**DIRECTIONS**.
The answer is the full set of records, given again exactly and without images.

**Records drawn from a dataset**.
————

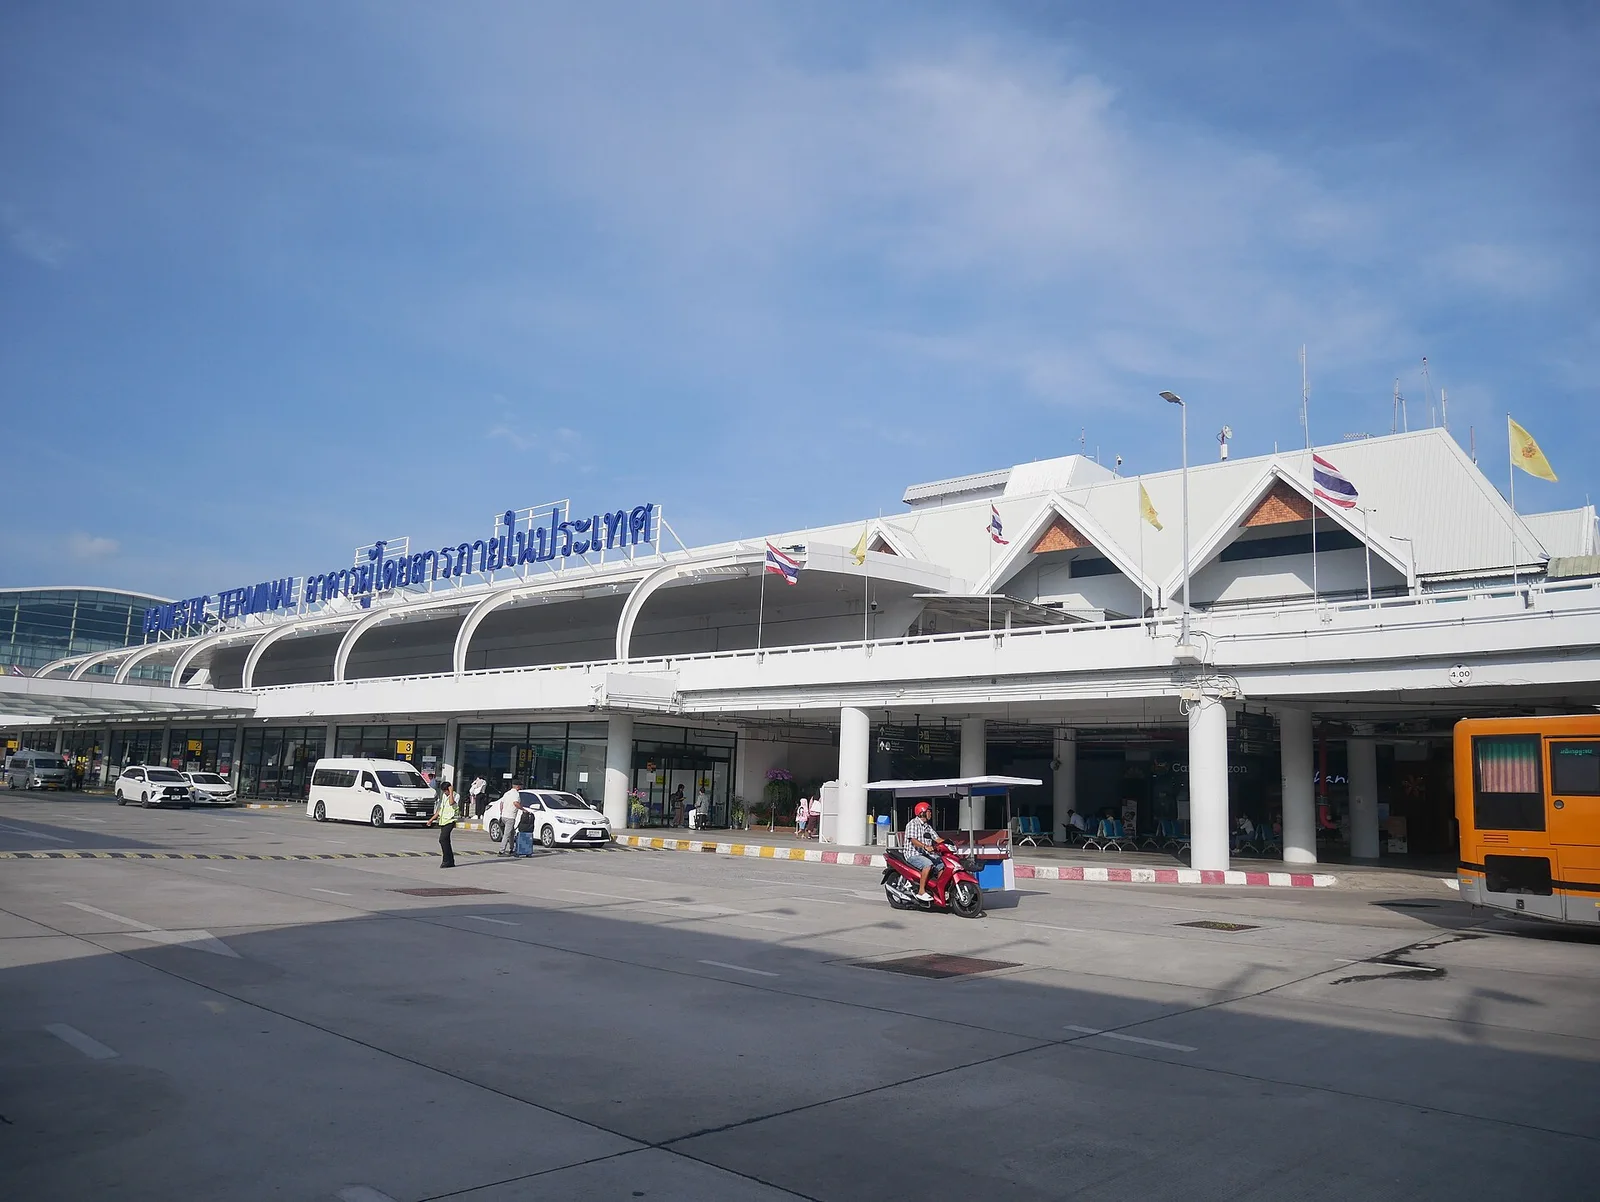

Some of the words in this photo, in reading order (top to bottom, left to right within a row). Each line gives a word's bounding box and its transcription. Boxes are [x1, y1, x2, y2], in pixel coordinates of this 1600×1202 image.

[217, 576, 297, 620] TERMINAL
[1449, 670, 1470, 678] 4.00
[195, 742, 201, 750] 2
[405, 743, 412, 752] 3

————

**RESULT**.
Some of the words in this photo, in reading order (top to bottom, left to right within a row). Each line gives a word's bounding box and its transcription. Boxes are [x1, y1, x2, y2], in pixel coordinates of this 1600×1202 image.

[217, 576, 297, 620] TERMINAL
[1449, 670, 1470, 678] 4.00
[195, 742, 201, 750] 2
[405, 743, 412, 752] 3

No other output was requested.